BlockBeats news, March 4: Google has released the preview version of Gemini 3.1 Flash-Lite, positioned as the fastest and most cost-effective model in the Gemini 3 series. Built on the Gemini 3 Pro architecture, it employs a Mixture of Experts (MoE) design that activates only a subset of parameters to reduce inference costs. API pricing is set at $0.25 per million input tokens and $1.50 per million output tokens, approximately one-eighth of Gemini 3.1 Pro’s pricing ($2/$18).
In terms of performance, compared to Gemini 2.5 Flash, the first token latency is reduced by 2.5 times, output speed increases by 45%, reaching 363 tokens per second.

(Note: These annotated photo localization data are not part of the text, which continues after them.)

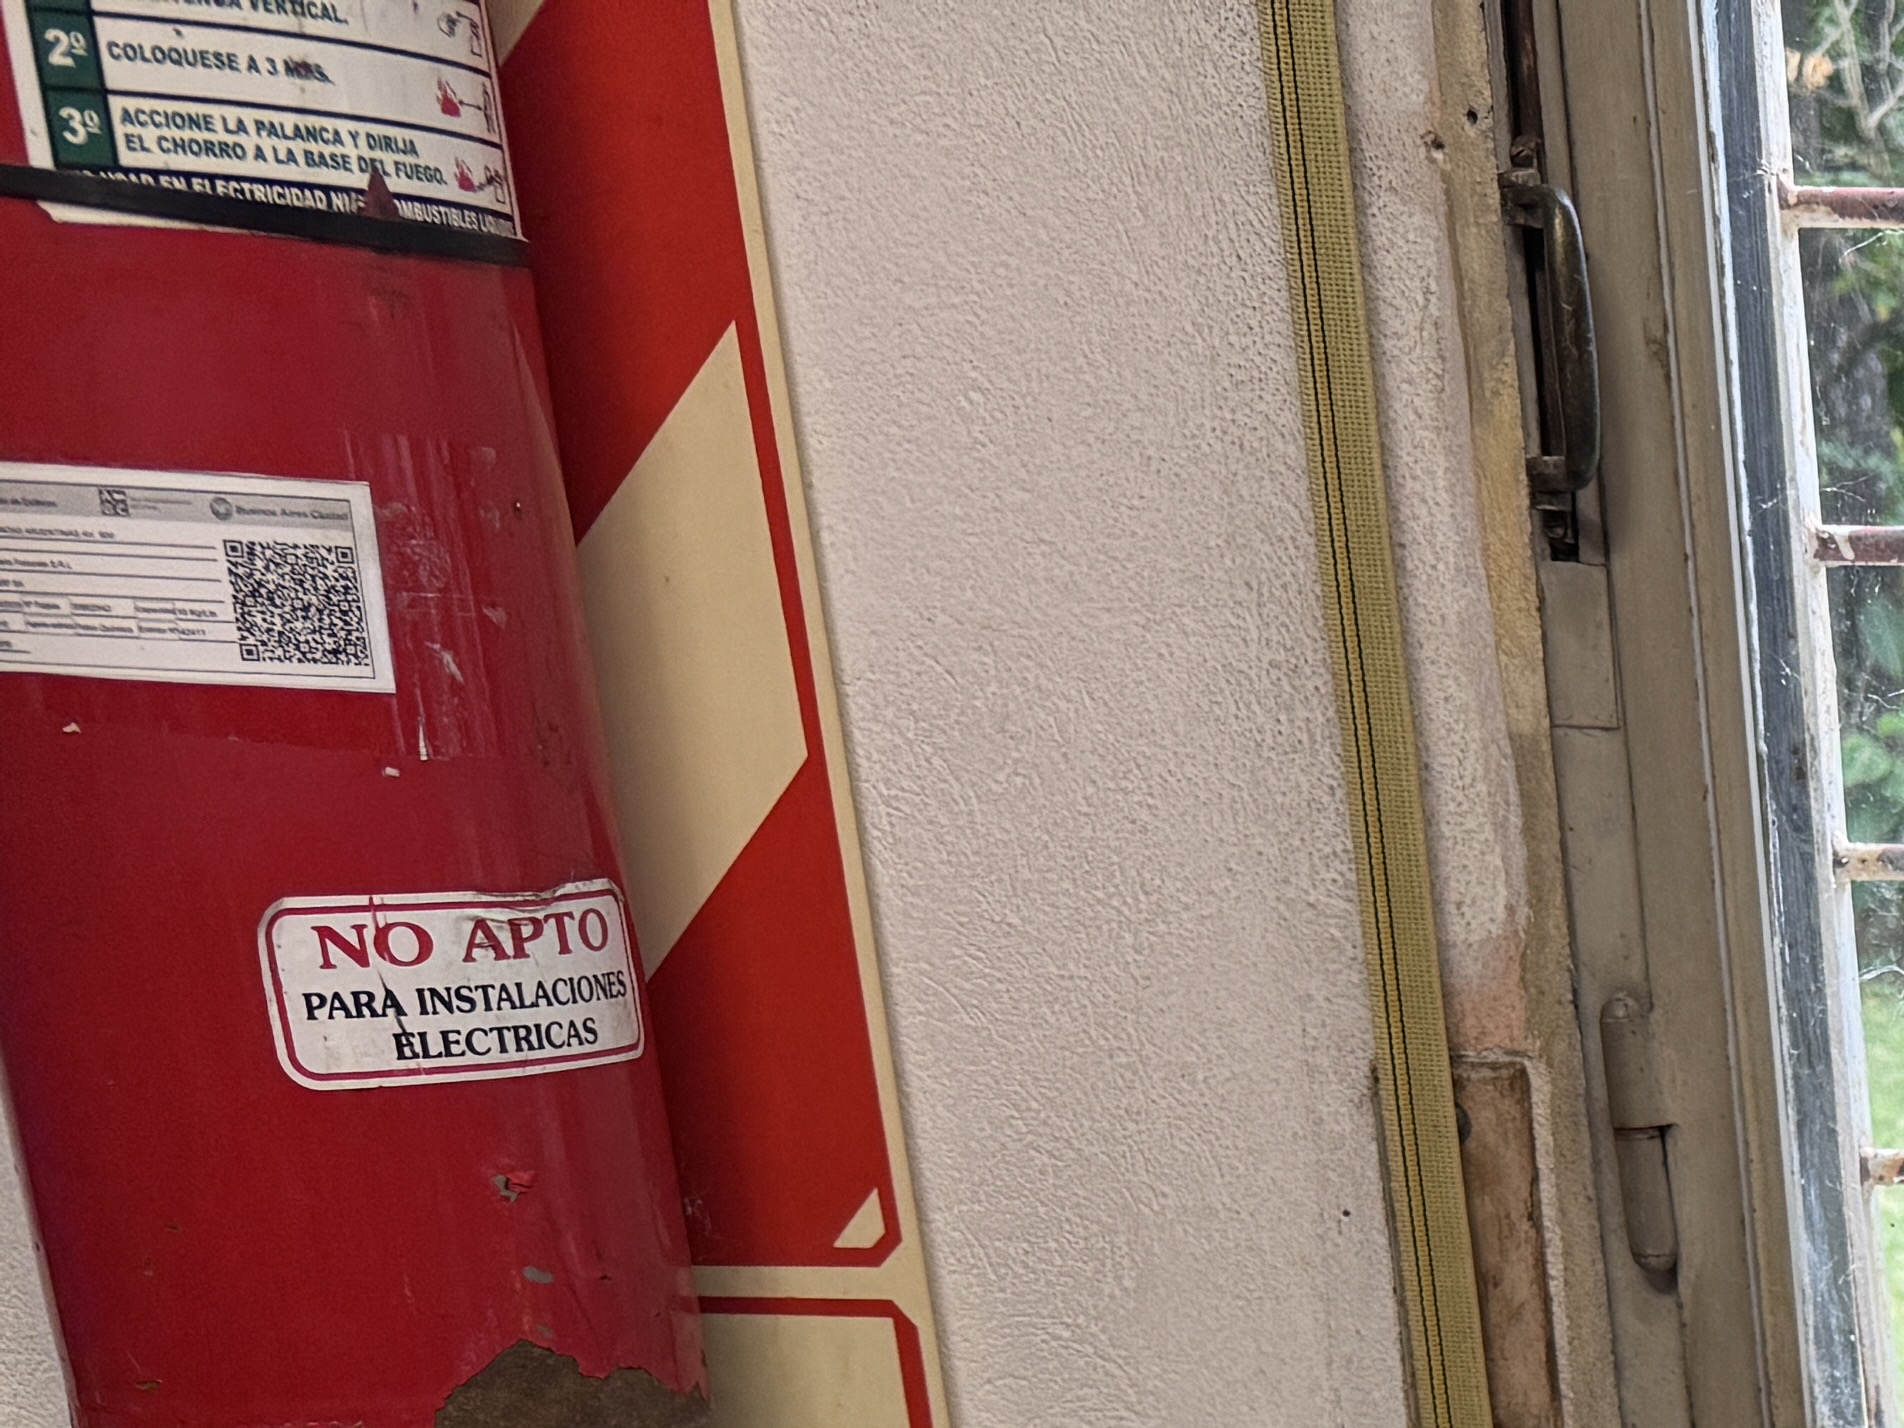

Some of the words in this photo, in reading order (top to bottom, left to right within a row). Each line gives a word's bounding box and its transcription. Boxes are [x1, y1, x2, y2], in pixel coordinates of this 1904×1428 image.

[106, 41, 242, 72] COLOQUESE
[247, 57, 261, 75] A
[266, 57, 279, 77] 3
[120, 107, 218, 134] ACCIONE
[220, 115, 250, 137] LA
[253, 118, 346, 148] PALANCA
[348, 130, 359, 150] Y
[365, 133, 420, 159] DIRIJA
[124, 133, 152, 154] EL
[156, 135, 247, 162] CHORRO
[253, 144, 267, 163] A
[272, 145, 299, 166] LA
[302, 149, 355, 174] BASE
[358, 157, 392, 178] DEL
[311, 921, 434, 969] NO
[462, 907, 609, 965] APTO
[302, 988, 408, 1021] PARA
[415, 969, 627, 1017] INSTALACIONES
[393, 1016, 598, 1061] ELECTRICAS

It supports up to 1 million tokens for input and 64,000 tokens for output, accepting text, images, audio, and video inputs. In 11 internal benchmark tests, Flash-Lite outperforms GPT-5 mini and Claude 4.5 Haiku in 6 of them, achieving 86.9% on GPQA Diamond (doctor-level scientific QA), 76.8% on MMMU-Pro (multimodal reasoning), and 72.0% on LiveCodeBench (code generation).
The model includes an adjustable "thinking level" that allows developers to control the depth of inference in AI Studio and Vertex AI, balancing quality and cost in high-frequency scenarios. Preview access is currently available via the Gemini API (Google AI Studio) and Vertex AI.